** Data to use follows **

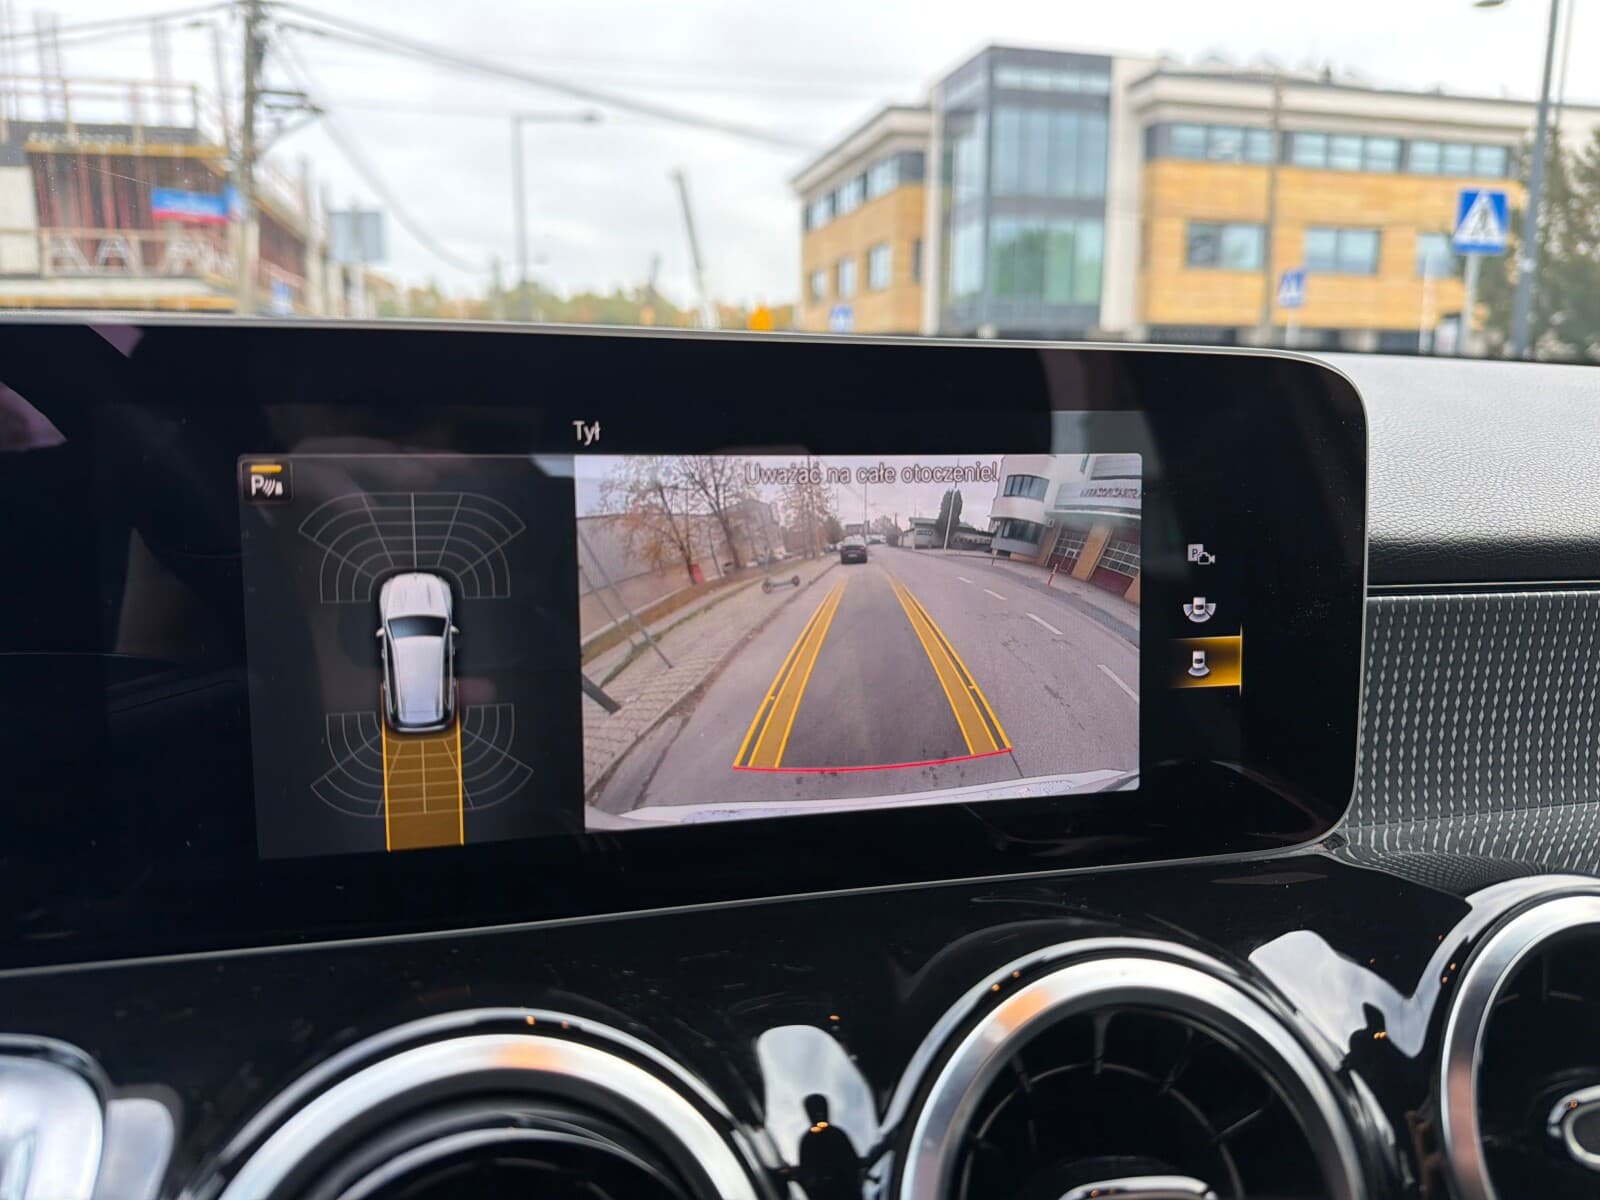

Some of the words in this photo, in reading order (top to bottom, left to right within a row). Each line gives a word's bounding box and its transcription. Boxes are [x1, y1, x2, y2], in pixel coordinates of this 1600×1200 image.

[572, 420, 600, 446] Tył
[745, 463, 821, 484] Uważać
[826, 468, 850, 484] na
[856, 463, 896, 484] całe
[901, 461, 998, 483] otoczenie!
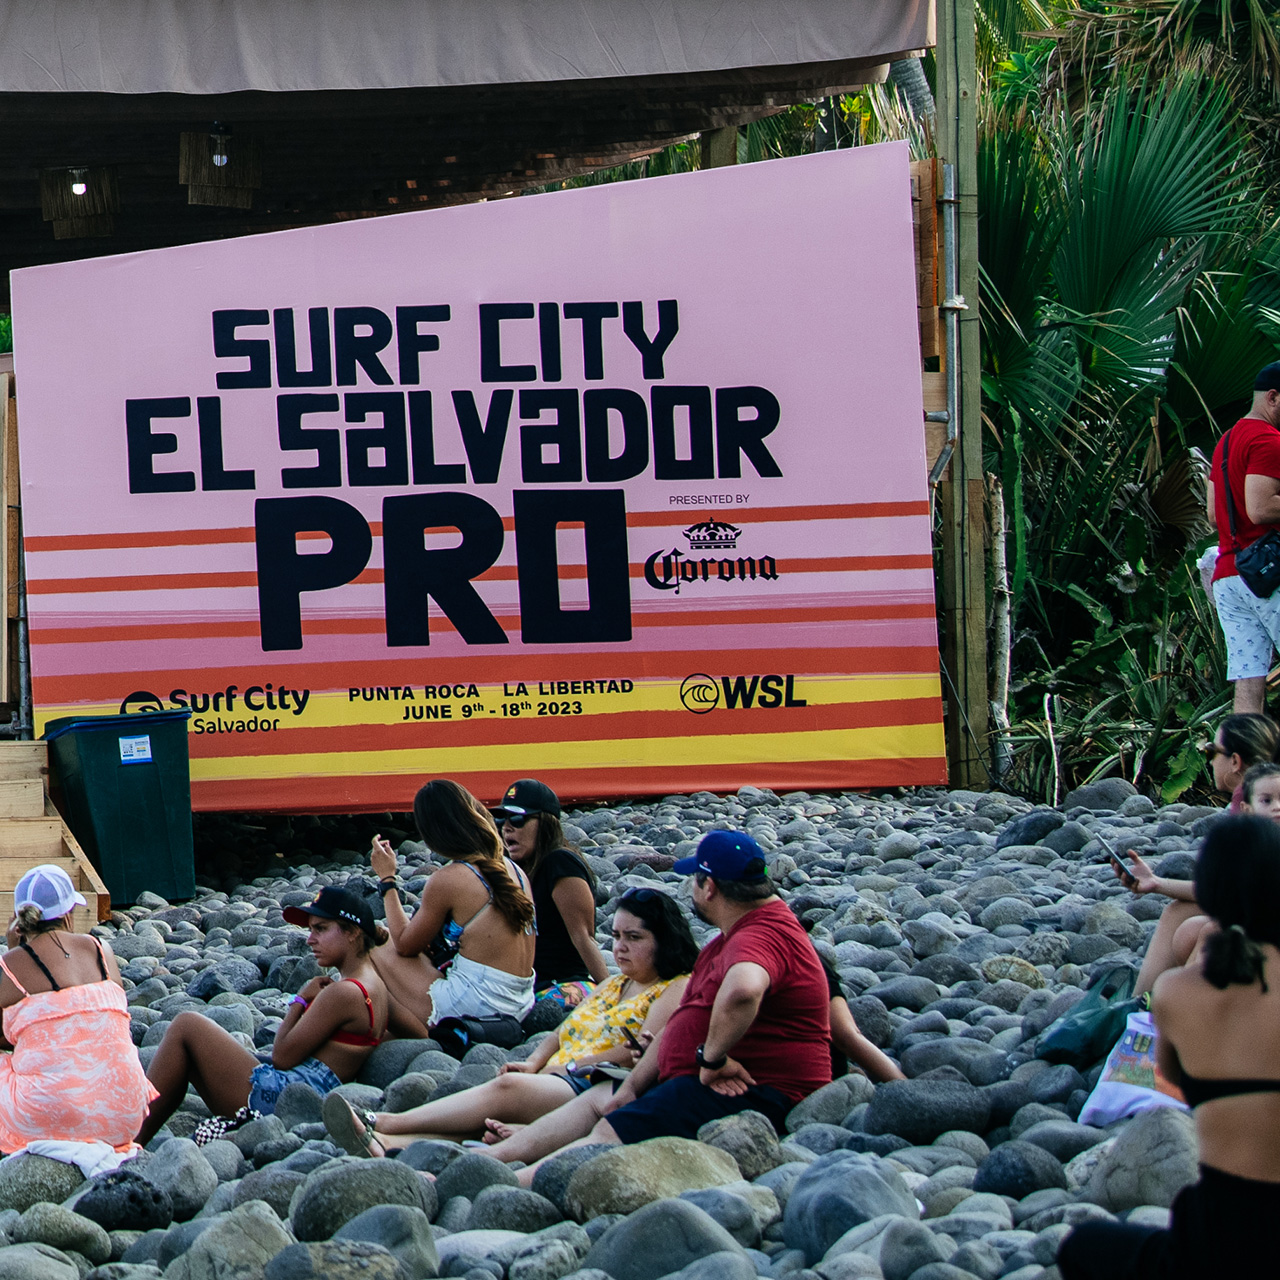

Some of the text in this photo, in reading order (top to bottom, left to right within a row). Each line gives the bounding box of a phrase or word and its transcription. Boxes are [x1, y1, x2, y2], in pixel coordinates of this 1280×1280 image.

[212, 299, 679, 390] SURF CITY
[125, 396, 256, 495] EL
[669, 494, 750, 505] PRESENTED BY
[254, 488, 633, 652] PRO
[644, 547, 780, 595] Corona
[169, 683, 310, 716] Surf City
[348, 679, 634, 702] PUNTA ROCA LA LIBERTAD
[720, 674, 807, 710] WSL
[193, 716, 280, 735] Salvador
[402, 704, 452, 720] JUNE
[461, 702, 484, 718] 9th
[501, 700, 532, 717] 18th
[537, 700, 583, 716] 2023

** End of Data to use **

[Exercise] Repeat the entries above exactly and skip the images.

[Reply]
Some of the words in this photo, in reading order (top to bottom, left to right within a row). Each line gives a word's bounding box and its transcription. Boxes are [x1, y1, x2, y2], in pixel coordinates of this 1600×1200 image.

[572, 420, 600, 446] Tył
[745, 463, 821, 484] Uważać
[826, 468, 850, 484] na
[856, 463, 896, 484] całe
[901, 461, 998, 483] otoczenie!

Some of the text in this photo, in reading order (top to bottom, left to right within a row). Each line gives the bounding box of a phrase or word and its transcription. Boxes are [x1, y1, x2, y2], in pixel coordinates of this 1280×1280 image.

[212, 299, 679, 390] SURF CITY
[125, 396, 256, 495] EL
[669, 494, 750, 505] PRESENTED BY
[254, 488, 633, 652] PRO
[644, 547, 780, 595] Corona
[169, 683, 310, 716] Surf City
[348, 679, 634, 702] PUNTA ROCA LA LIBERTAD
[720, 674, 807, 710] WSL
[193, 716, 280, 735] Salvador
[402, 704, 452, 720] JUNE
[461, 702, 484, 718] 9th
[501, 700, 532, 717] 18th
[537, 700, 583, 716] 2023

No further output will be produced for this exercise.